Segment Start: INPUT DATA
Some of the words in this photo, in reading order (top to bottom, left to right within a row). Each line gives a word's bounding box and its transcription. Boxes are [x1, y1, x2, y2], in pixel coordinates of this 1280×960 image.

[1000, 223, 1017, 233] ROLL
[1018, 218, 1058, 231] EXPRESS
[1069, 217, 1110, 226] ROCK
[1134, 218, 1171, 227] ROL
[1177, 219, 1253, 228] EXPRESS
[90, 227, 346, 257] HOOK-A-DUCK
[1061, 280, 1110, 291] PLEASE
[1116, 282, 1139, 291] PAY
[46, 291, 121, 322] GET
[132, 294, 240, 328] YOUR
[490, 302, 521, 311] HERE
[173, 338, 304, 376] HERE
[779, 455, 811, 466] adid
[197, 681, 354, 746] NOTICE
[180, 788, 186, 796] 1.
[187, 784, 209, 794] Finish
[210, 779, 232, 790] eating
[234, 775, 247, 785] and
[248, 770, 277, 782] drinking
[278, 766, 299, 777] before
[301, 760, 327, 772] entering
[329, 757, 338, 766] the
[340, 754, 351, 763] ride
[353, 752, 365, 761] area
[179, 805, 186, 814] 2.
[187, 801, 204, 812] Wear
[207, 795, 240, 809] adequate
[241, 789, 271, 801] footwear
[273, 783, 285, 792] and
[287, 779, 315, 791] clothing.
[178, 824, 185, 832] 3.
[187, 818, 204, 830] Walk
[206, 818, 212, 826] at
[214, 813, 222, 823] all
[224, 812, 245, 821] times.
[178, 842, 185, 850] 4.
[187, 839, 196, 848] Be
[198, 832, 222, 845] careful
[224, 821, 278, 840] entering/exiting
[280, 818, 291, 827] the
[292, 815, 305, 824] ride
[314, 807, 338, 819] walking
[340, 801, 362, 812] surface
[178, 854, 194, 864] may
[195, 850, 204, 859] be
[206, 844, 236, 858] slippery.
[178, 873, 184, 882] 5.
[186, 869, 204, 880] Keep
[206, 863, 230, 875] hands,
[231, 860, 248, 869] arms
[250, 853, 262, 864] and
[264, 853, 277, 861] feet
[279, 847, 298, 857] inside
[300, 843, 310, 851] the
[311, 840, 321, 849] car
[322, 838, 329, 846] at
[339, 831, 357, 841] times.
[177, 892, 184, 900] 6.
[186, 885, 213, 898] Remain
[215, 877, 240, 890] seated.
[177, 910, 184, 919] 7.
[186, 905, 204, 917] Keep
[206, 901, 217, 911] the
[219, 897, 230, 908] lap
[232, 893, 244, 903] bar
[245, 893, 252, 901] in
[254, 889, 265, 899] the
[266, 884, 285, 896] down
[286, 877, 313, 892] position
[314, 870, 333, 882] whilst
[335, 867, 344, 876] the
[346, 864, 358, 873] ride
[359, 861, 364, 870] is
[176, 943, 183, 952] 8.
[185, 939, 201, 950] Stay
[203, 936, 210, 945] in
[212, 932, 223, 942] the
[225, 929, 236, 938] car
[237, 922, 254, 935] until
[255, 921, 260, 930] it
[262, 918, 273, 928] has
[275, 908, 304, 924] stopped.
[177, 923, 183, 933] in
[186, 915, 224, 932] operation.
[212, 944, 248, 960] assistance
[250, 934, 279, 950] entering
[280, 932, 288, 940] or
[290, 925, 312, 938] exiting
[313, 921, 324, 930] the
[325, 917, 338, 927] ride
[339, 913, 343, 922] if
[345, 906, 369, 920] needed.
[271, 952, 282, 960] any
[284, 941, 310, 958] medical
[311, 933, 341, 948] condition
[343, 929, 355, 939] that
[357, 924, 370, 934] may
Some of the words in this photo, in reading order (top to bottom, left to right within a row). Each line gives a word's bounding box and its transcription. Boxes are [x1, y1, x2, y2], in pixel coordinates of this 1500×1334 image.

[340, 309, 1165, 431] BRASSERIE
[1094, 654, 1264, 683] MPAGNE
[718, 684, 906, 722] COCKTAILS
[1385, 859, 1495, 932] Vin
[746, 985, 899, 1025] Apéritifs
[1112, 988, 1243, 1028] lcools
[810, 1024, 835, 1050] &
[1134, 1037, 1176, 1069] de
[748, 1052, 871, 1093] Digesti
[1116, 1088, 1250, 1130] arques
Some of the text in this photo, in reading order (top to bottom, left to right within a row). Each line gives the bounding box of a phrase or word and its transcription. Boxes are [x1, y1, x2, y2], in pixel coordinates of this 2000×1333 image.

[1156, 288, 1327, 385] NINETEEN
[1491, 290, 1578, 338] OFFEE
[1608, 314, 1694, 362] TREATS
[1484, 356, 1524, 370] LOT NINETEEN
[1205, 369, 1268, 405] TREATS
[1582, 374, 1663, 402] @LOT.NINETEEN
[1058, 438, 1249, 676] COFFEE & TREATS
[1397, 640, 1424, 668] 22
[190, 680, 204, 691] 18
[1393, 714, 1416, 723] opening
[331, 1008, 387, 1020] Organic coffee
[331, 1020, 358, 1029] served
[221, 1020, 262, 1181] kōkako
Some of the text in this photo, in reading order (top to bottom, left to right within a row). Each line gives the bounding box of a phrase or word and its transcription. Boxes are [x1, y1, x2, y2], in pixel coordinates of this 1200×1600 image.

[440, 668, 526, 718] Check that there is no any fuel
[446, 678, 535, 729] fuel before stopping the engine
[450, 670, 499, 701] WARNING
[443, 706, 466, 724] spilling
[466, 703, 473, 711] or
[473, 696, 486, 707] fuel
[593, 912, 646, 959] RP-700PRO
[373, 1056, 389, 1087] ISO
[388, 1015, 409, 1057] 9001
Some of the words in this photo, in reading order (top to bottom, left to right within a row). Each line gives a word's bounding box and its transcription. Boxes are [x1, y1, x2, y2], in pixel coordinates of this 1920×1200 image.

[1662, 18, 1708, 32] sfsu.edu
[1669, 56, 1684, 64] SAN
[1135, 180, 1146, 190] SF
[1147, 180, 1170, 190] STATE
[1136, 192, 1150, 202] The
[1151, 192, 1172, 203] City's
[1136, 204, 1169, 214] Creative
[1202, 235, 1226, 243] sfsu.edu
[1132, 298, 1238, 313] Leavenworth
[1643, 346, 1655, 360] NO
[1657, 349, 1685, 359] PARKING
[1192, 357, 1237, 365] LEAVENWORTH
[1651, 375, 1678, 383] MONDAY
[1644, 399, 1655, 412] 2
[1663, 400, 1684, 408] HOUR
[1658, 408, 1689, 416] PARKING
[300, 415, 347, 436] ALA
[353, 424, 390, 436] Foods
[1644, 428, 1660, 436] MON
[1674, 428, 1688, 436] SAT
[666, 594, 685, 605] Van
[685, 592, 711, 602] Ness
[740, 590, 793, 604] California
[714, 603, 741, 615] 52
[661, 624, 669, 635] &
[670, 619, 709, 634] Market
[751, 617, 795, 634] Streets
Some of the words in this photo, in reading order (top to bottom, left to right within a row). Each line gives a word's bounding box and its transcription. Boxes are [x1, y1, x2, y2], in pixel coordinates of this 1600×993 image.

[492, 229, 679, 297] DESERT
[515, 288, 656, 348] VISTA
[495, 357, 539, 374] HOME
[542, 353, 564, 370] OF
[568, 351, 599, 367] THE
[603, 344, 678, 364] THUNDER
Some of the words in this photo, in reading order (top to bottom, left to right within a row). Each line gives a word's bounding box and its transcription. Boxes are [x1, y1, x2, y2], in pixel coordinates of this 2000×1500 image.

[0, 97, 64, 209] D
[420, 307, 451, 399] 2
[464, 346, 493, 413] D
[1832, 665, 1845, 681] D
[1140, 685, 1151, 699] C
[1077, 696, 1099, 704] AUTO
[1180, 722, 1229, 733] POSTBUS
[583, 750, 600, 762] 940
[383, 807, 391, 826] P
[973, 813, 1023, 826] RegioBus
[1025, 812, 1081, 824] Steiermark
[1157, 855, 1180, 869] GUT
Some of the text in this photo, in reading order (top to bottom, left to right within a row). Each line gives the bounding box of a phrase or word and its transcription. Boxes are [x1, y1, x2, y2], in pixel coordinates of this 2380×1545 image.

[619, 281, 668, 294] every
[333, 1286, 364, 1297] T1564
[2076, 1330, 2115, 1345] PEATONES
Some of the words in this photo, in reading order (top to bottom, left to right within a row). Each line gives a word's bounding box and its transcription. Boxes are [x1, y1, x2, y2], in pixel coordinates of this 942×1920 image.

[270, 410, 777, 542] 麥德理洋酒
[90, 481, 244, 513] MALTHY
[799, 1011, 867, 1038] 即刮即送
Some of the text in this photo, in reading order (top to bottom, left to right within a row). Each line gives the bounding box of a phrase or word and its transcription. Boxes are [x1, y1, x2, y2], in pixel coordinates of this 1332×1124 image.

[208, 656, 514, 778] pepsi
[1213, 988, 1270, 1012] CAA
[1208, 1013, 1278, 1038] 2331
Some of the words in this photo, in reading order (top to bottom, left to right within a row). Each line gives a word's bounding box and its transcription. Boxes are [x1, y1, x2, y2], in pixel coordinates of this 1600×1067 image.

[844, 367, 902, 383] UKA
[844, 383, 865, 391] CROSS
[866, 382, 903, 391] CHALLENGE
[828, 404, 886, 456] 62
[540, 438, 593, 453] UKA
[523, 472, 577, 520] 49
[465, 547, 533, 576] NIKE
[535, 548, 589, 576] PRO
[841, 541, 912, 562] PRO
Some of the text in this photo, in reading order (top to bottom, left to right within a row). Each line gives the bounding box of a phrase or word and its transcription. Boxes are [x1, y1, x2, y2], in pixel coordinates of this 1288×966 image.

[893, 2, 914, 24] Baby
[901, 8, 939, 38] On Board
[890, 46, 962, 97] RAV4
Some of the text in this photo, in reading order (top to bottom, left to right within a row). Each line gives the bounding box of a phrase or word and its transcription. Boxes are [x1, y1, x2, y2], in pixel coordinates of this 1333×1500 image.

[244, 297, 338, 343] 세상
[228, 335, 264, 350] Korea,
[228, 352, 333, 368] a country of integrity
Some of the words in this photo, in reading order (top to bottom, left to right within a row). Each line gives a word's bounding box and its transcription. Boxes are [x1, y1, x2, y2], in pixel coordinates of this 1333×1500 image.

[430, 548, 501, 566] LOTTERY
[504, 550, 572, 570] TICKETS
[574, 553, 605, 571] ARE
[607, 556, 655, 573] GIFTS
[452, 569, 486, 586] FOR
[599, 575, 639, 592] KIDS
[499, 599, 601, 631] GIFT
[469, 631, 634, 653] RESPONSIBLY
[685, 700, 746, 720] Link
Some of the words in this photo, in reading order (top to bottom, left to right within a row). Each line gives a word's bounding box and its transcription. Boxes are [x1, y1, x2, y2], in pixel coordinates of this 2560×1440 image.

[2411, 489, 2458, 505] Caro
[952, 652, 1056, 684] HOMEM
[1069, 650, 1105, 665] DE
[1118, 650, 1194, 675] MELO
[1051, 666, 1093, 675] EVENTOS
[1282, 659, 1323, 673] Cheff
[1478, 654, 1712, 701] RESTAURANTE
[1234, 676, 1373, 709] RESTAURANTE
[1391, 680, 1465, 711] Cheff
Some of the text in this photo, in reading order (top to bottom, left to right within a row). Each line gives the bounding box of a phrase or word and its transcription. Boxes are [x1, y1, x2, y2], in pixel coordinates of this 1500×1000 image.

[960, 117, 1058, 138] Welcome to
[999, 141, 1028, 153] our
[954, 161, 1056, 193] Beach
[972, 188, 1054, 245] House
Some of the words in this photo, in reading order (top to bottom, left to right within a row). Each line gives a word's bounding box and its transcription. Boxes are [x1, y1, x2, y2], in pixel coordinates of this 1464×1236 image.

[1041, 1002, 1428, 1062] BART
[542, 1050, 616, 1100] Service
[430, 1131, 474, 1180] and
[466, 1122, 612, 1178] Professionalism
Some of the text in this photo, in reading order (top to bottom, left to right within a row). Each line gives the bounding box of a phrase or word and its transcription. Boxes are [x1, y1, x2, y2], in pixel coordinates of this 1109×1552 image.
Segment End: INPUT DATA
PROBLEM TO WORK ON:
Transcribe exactly, and only, the lines from the one bearing "this 1500×1000 image." through the last line of the entries, counting both.

WRITTEN SOLUTION:
Some of the text in this photo, in reading order (top to bottom, left to right within a row). Each line gives the bounding box of a phrase or word and its transcription. Boxes are [x1, y1, x2, y2], in pixel coordinates of this 1500×1000 image.

[960, 117, 1058, 138] Welcome to
[999, 141, 1028, 153] our
[954, 161, 1056, 193] Beach
[972, 188, 1054, 245] House
Some of the words in this photo, in reading order (top to bottom, left to right within a row). Each line gives a word's bounding box and its transcription. Boxes are [x1, y1, x2, y2], in pixel coordinates of this 1464×1236 image.

[1041, 1002, 1428, 1062] BART
[542, 1050, 616, 1100] Service
[430, 1131, 474, 1180] and
[466, 1122, 612, 1178] Professionalism
Some of the text in this photo, in reading order (top to bottom, left to right within a row). Each line gives the bounding box of a phrase or word and its transcription. Boxes are [x1, y1, x2, y2], in pixel coordinates of this 1109×1552 image.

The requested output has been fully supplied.